5) L’impatto della pandemia è stato del 75 per cento inferiore alla media dei paesi emergenti, con conseguenti restrizioni che sono state del 20 per cento meno gravi.
Vinci però in parte obietta a questa immagine di un’Africa protetta dalla propria arretratezza. “In realtà paesi come il Senegal o la Costa d’Avorio sono molto ben collegati ai circuiti internazionali. È vero invece che si trattava di paesi che partivano tutti da tassi di crescita altissimi: il 6-8 per cento. Come per la Cina, alla fine il ribasso pur forte non è bastato a portare una recessione. E in questo momento non c’è nessun’altra parte del mondo che può crescere come l’Africa”.
Vinci osserva che se il Covid ha colpito finora poco è anche perché governi e società dei paesi africani hanno mostrato una grande maturità di fronte alla sfida. “I governi sono riusciti a prendere decisioni e a imporre restrizioni che si sono rivelate efficaci anche per una grande prova di responsabilità civile da parte dei singoli cittadini, perché purtroppo in Africa lo stato non riesce a arrivare ovunque, specie nelle zone interne. Evidentemente c’è stata una responsabilizzazione collettiva che ha dimostrato coma l’Africa recepisce bene i messaggi globali, anche a livello sanitario. Gli africani vogliono essere parte del mondo globale e seguire un percorso comune a resto dell’umanità, pur tenendo ovviamente a mantenere la propria identità”.

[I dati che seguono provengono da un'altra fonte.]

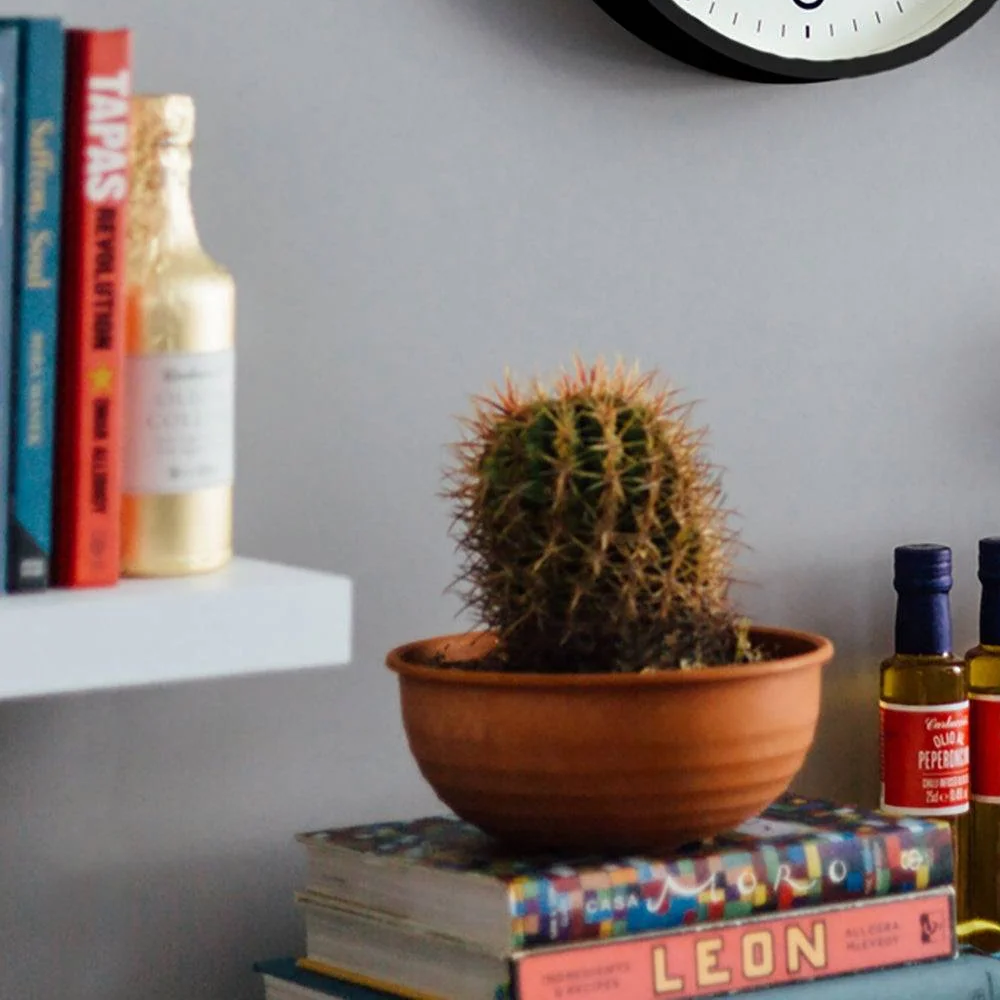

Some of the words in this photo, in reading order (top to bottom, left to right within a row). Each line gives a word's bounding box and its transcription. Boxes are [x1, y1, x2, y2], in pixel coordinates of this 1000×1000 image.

[86, 70, 131, 204] TAPAS
[94, 207, 117, 351] REVOLUTION
[585, 891, 640, 914] CASA
[652, 920, 828, 993] LEON
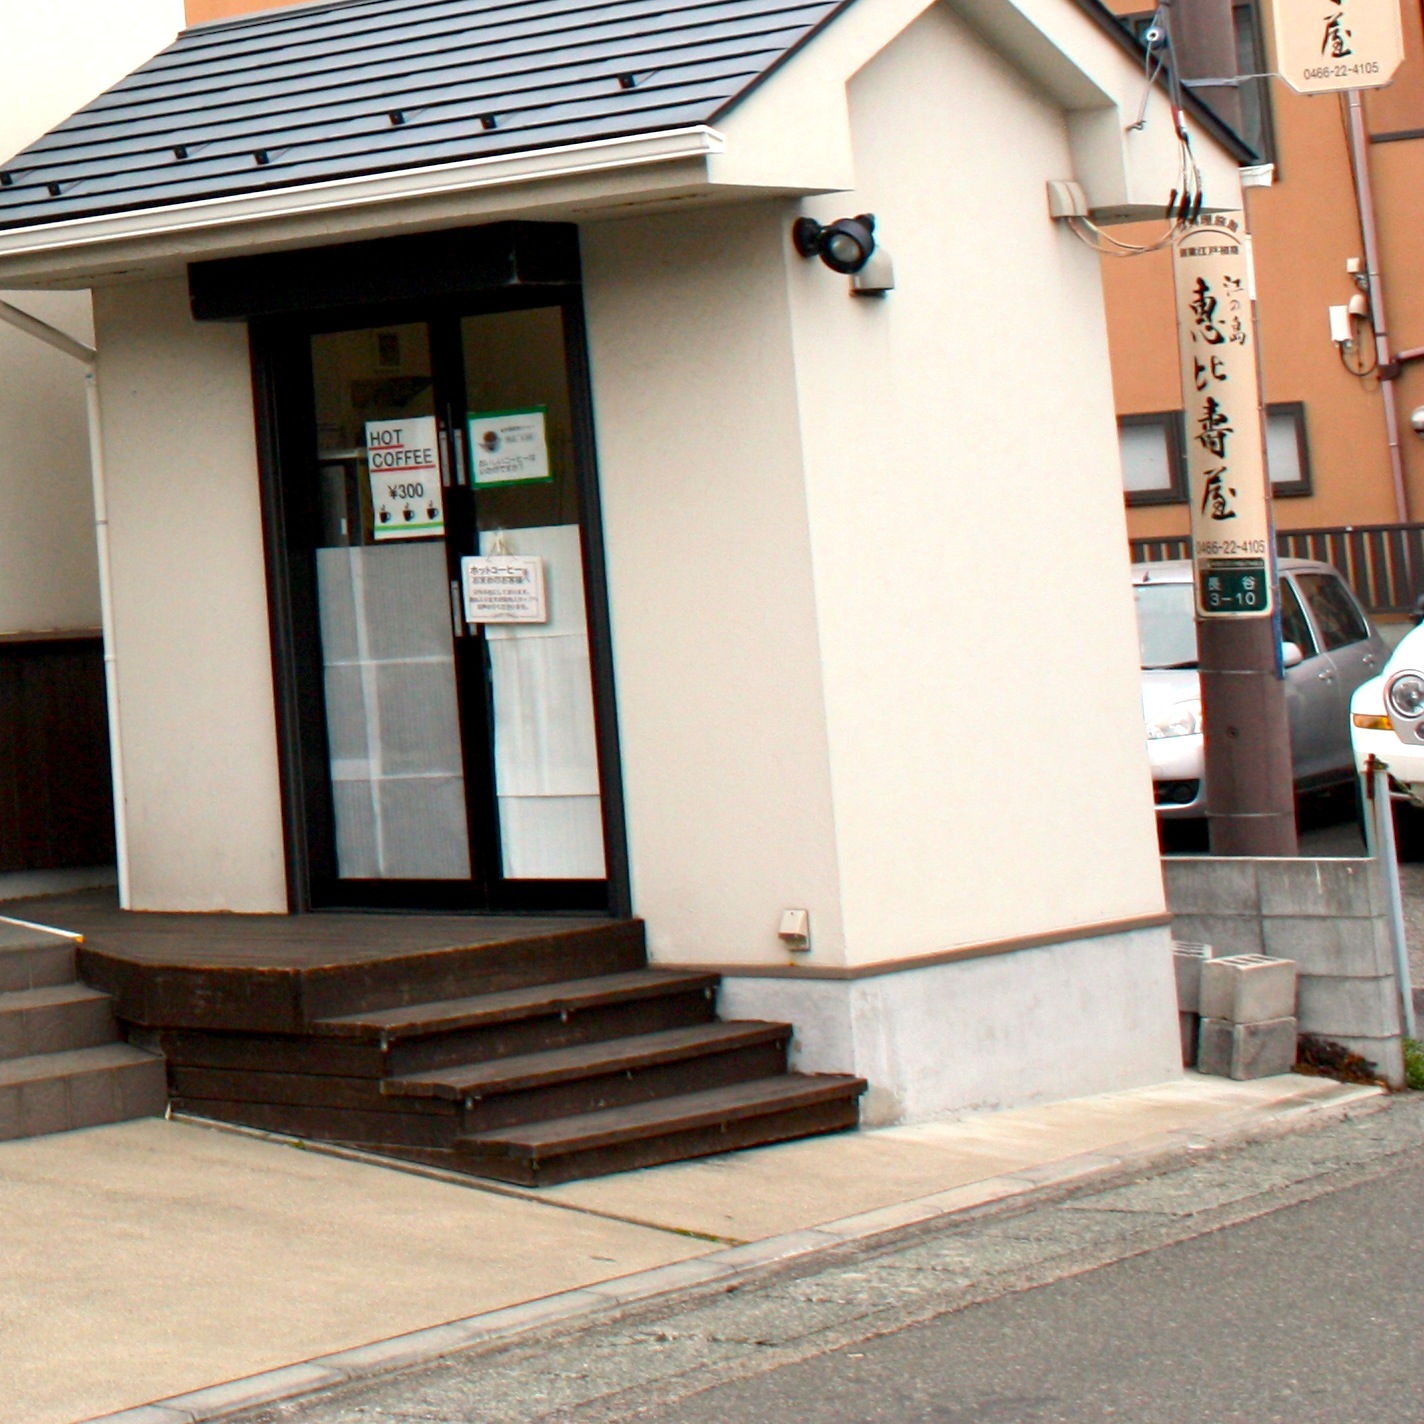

C’è dunque una incognita, se alla fine la pandemia non finirà per devastare l’Africa come sta devastando l’America Latina. C’è però anche una certezza, su quello che un report dell’Economist di un mese fa ha appena definito comunque “secolo africano”, riprendendo uno slogan lanciato nel 1999 dall’allora presidente sudafricano Thabo Mbeki nel suo discorso di insediamento. Un dato che il report ricorda è che nel 1885, al massimo dell’espansione colonialista. I 100 milioni di abitanti dell’Africa erano un terzo di quelli dell’Europa. Adesso, con 1,2 miliardi di persone, sono il doppio e con una età media di 19 anni contro 43. Come ci ricorda Vinci, “se dal punto di vista sanitario questa giovane età spiega la maggior resistenza al Covid, dal punto di vista economico rappresenta una spinta all’imprenditorialità fortissima. Sono giovani che sono connessi alle tecnologie digitali come e più che i loro coetanei nel reso del mondo, e nel libro ho ricordato come nel 2018 i finanziamenti alle start-up africane erano raddoppiati”. Ricordava appunto l’Economist che mentre meno di un quarto di tedeschi, giapponesi e britannici credono che le loro condizioni di vita miglioreranno nei prossimi 15 anni, nel caso di kenyani, nigeriani e senegalesi si sale ai due terzi.